━━━━━ AVAILABLE RECORDS

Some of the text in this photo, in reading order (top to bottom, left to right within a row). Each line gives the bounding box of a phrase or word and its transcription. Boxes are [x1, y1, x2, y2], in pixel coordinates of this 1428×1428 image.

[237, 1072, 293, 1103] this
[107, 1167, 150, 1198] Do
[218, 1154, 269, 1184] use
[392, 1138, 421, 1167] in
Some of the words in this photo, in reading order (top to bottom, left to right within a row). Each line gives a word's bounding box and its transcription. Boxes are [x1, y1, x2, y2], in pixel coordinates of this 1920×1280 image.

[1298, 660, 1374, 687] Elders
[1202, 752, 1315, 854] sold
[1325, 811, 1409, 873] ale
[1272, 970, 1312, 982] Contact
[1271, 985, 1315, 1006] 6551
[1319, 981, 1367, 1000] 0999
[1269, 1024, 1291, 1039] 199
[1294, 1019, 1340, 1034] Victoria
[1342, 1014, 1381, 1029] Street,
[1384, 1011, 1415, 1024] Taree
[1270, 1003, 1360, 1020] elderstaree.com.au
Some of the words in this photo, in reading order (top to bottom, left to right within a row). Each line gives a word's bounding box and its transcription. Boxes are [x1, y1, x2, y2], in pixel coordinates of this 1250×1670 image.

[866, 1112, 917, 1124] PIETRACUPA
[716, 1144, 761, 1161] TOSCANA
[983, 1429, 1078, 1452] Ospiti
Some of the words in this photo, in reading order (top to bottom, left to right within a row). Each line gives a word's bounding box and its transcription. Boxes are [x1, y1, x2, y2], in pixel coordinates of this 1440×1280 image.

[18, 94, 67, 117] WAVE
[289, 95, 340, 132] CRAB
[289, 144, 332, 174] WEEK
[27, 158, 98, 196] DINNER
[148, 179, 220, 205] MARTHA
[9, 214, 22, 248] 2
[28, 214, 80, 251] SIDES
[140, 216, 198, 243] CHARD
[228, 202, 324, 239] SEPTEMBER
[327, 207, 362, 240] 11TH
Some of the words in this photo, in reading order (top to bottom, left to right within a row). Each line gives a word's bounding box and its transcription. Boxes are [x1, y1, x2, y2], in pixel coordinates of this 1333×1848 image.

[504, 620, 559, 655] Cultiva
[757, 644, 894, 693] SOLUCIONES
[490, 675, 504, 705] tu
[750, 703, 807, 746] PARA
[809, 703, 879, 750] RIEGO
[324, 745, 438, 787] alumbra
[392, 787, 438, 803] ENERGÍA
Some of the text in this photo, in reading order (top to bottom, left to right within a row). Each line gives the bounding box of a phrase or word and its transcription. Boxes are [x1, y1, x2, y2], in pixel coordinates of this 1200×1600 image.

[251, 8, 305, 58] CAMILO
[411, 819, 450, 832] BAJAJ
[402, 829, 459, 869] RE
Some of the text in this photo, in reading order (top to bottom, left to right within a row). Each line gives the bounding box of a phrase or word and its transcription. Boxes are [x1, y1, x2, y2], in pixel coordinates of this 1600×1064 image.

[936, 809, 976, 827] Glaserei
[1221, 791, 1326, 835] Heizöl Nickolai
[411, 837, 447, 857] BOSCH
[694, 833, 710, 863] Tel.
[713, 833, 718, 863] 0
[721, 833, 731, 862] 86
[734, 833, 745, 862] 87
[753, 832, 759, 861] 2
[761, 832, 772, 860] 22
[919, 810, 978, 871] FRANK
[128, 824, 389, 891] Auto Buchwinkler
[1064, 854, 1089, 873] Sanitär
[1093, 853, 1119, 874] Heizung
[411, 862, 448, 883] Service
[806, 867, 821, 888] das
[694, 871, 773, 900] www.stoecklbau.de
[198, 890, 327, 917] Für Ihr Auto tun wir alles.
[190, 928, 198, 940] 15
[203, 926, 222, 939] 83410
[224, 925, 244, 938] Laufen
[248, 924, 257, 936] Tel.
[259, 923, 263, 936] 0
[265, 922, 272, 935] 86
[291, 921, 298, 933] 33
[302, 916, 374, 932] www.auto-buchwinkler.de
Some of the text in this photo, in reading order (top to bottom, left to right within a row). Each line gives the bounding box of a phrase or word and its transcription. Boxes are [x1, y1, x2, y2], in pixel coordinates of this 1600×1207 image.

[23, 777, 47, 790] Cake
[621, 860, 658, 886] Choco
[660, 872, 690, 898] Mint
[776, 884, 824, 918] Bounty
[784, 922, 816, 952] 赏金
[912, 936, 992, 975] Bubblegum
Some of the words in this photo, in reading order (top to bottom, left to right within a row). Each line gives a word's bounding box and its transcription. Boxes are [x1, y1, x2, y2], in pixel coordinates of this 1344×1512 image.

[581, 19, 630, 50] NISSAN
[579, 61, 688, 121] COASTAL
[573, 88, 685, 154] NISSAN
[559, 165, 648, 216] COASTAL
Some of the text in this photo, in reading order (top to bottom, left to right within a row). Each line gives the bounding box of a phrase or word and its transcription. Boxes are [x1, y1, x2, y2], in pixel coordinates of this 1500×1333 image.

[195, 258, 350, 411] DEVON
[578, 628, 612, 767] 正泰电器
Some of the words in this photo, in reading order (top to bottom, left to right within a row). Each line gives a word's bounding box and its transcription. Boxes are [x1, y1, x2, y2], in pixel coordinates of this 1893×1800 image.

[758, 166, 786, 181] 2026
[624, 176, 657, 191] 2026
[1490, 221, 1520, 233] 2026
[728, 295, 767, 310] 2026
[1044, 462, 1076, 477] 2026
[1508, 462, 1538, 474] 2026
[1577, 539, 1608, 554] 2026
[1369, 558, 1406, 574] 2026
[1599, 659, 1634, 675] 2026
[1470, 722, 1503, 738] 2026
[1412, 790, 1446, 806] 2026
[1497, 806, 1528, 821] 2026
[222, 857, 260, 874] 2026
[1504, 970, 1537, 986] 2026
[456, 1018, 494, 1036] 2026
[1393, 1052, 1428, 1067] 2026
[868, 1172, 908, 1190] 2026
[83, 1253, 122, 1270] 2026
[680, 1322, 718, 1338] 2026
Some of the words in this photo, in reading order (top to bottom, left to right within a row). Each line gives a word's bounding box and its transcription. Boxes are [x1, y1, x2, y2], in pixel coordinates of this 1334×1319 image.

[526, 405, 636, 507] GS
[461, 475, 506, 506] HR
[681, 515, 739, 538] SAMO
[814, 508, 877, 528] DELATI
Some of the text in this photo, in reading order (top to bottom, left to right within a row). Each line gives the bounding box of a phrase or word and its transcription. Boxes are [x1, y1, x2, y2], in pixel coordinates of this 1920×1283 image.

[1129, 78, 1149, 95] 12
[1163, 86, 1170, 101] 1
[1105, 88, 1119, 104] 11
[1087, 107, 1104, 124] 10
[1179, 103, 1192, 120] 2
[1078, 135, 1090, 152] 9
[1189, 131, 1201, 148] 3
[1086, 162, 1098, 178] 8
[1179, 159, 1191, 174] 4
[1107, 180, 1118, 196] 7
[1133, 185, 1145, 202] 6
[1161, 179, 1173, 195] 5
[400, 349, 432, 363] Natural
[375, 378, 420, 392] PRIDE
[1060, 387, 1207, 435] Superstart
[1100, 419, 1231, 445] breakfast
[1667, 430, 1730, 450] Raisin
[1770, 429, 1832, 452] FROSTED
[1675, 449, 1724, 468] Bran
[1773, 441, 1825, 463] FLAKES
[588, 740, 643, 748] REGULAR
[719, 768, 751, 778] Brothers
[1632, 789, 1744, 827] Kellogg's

━━━━━━━━━━

- PROBLEM DESCRIPTION -
Once you have read the records above, set each one down again exactly.

- RESULT OF THIS EXERCISE -
Some of the text in this photo, in reading order (top to bottom, left to right within a row). Each line gives the bounding box of a phrase or word and its transcription. Boxes are [x1, y1, x2, y2], in pixel coordinates of this 1428×1428 image.

[237, 1072, 293, 1103] this
[107, 1167, 150, 1198] Do
[218, 1154, 269, 1184] use
[392, 1138, 421, 1167] in
Some of the words in this photo, in reading order (top to bottom, left to right within a row). Each line gives a word's bounding box and its transcription. Boxes are [x1, y1, x2, y2], in pixel coordinates of this 1920×1280 image.

[1298, 660, 1374, 687] Elders
[1202, 752, 1315, 854] sold
[1325, 811, 1409, 873] ale
[1272, 970, 1312, 982] Contact
[1271, 985, 1315, 1006] 6551
[1319, 981, 1367, 1000] 0999
[1269, 1024, 1291, 1039] 199
[1294, 1019, 1340, 1034] Victoria
[1342, 1014, 1381, 1029] Street,
[1384, 1011, 1415, 1024] Taree
[1270, 1003, 1360, 1020] elderstaree.com.au
Some of the words in this photo, in reading order (top to bottom, left to right within a row). Each line gives a word's bounding box and its transcription. Boxes are [x1, y1, x2, y2], in pixel coordinates of this 1250×1670 image.

[866, 1112, 917, 1124] PIETRACUPA
[716, 1144, 761, 1161] TOSCANA
[983, 1429, 1078, 1452] Ospiti
Some of the words in this photo, in reading order (top to bottom, left to right within a row). Each line gives a word's bounding box and its transcription. Boxes are [x1, y1, x2, y2], in pixel coordinates of this 1440×1280 image.

[18, 94, 67, 117] WAVE
[289, 95, 340, 132] CRAB
[289, 144, 332, 174] WEEK
[27, 158, 98, 196] DINNER
[148, 179, 220, 205] MARTHA
[9, 214, 22, 248] 2
[28, 214, 80, 251] SIDES
[140, 216, 198, 243] CHARD
[228, 202, 324, 239] SEPTEMBER
[327, 207, 362, 240] 11TH
Some of the words in this photo, in reading order (top to bottom, left to right within a row). Each line gives a word's bounding box and its transcription. Boxes are [x1, y1, x2, y2], in pixel coordinates of this 1333×1848 image.

[504, 620, 559, 655] Cultiva
[757, 644, 894, 693] SOLUCIONES
[490, 675, 504, 705] tu
[750, 703, 807, 746] PARA
[809, 703, 879, 750] RIEGO
[324, 745, 438, 787] alumbra
[392, 787, 438, 803] ENERGÍA
Some of the text in this photo, in reading order (top to bottom, left to right within a row). Each line gives the bounding box of a phrase or word and its transcription. Boxes are [x1, y1, x2, y2], in pixel coordinates of this 1200×1600 image.

[251, 8, 305, 58] CAMILO
[411, 819, 450, 832] BAJAJ
[402, 829, 459, 869] RE
Some of the text in this photo, in reading order (top to bottom, left to right within a row). Each line gives the bounding box of a phrase or word and its transcription. Boxes are [x1, y1, x2, y2], in pixel coordinates of this 1600×1064 image.

[936, 809, 976, 827] Glaserei
[1221, 791, 1326, 835] Heizöl Nickolai
[411, 837, 447, 857] BOSCH
[694, 833, 710, 863] Tel.
[713, 833, 718, 863] 0
[721, 833, 731, 862] 86
[734, 833, 745, 862] 87
[753, 832, 759, 861] 2
[761, 832, 772, 860] 22
[919, 810, 978, 871] FRANK
[128, 824, 389, 891] Auto Buchwinkler
[1064, 854, 1089, 873] Sanitär
[1093, 853, 1119, 874] Heizung
[411, 862, 448, 883] Service
[806, 867, 821, 888] das
[694, 871, 773, 900] www.stoecklbau.de
[198, 890, 327, 917] Für Ihr Auto tun wir alles.
[190, 928, 198, 940] 15
[203, 926, 222, 939] 83410
[224, 925, 244, 938] Laufen
[248, 924, 257, 936] Tel.
[259, 923, 263, 936] 0
[265, 922, 272, 935] 86
[291, 921, 298, 933] 33
[302, 916, 374, 932] www.auto-buchwinkler.de
Some of the text in this photo, in reading order (top to bottom, left to right within a row). Each line gives the bounding box of a phrase or word and its transcription. Boxes are [x1, y1, x2, y2], in pixel coordinates of this 1600×1207 image.

[23, 777, 47, 790] Cake
[621, 860, 658, 886] Choco
[660, 872, 690, 898] Mint
[776, 884, 824, 918] Bounty
[784, 922, 816, 952] 赏金
[912, 936, 992, 975] Bubblegum
Some of the words in this photo, in reading order (top to bottom, left to right within a row). Each line gives a word's bounding box and its transcription. Boxes are [x1, y1, x2, y2], in pixel coordinates of this 1344×1512 image.

[581, 19, 630, 50] NISSAN
[579, 61, 688, 121] COASTAL
[573, 88, 685, 154] NISSAN
[559, 165, 648, 216] COASTAL
Some of the text in this photo, in reading order (top to bottom, left to right within a row). Each line gives the bounding box of a phrase or word and its transcription. Boxes are [x1, y1, x2, y2], in pixel coordinates of this 1500×1333 image.

[195, 258, 350, 411] DEVON
[578, 628, 612, 767] 正泰电器
Some of the words in this photo, in reading order (top to bottom, left to right within a row). Each line gives a word's bounding box and its transcription. Boxes are [x1, y1, x2, y2], in pixel coordinates of this 1893×1800 image.

[758, 166, 786, 181] 2026
[624, 176, 657, 191] 2026
[1490, 221, 1520, 233] 2026
[728, 295, 767, 310] 2026
[1044, 462, 1076, 477] 2026
[1508, 462, 1538, 474] 2026
[1577, 539, 1608, 554] 2026
[1369, 558, 1406, 574] 2026
[1599, 659, 1634, 675] 2026
[1470, 722, 1503, 738] 2026
[1412, 790, 1446, 806] 2026
[1497, 806, 1528, 821] 2026
[222, 857, 260, 874] 2026
[1504, 970, 1537, 986] 2026
[456, 1018, 494, 1036] 2026
[1393, 1052, 1428, 1067] 2026
[868, 1172, 908, 1190] 2026
[83, 1253, 122, 1270] 2026
[680, 1322, 718, 1338] 2026
Some of the words in this photo, in reading order (top to bottom, left to right within a row). Each line gives a word's bounding box and its transcription. Boxes are [x1, y1, x2, y2], in pixel coordinates of this 1334×1319 image.

[526, 405, 636, 507] GS
[461, 475, 506, 506] HR
[681, 515, 739, 538] SAMO
[814, 508, 877, 528] DELATI
Some of the text in this photo, in reading order (top to bottom, left to right within a row). Each line gives the bounding box of a phrase or word and its transcription. Boxes are [x1, y1, x2, y2], in pixel coordinates of this 1920×1283 image.

[1129, 78, 1149, 95] 12
[1163, 86, 1170, 101] 1
[1105, 88, 1119, 104] 11
[1087, 107, 1104, 124] 10
[1179, 103, 1192, 120] 2
[1078, 135, 1090, 152] 9
[1189, 131, 1201, 148] 3
[1086, 162, 1098, 178] 8
[1179, 159, 1191, 174] 4
[1107, 180, 1118, 196] 7
[1133, 185, 1145, 202] 6
[1161, 179, 1173, 195] 5
[400, 349, 432, 363] Natural
[375, 378, 420, 392] PRIDE
[1060, 387, 1207, 435] Superstart
[1100, 419, 1231, 445] breakfast
[1667, 430, 1730, 450] Raisin
[1770, 429, 1832, 452] FROSTED
[1675, 449, 1724, 468] Bran
[1773, 441, 1825, 463] FLAKES
[588, 740, 643, 748] REGULAR
[719, 768, 751, 778] Brothers
[1632, 789, 1744, 827] Kellogg's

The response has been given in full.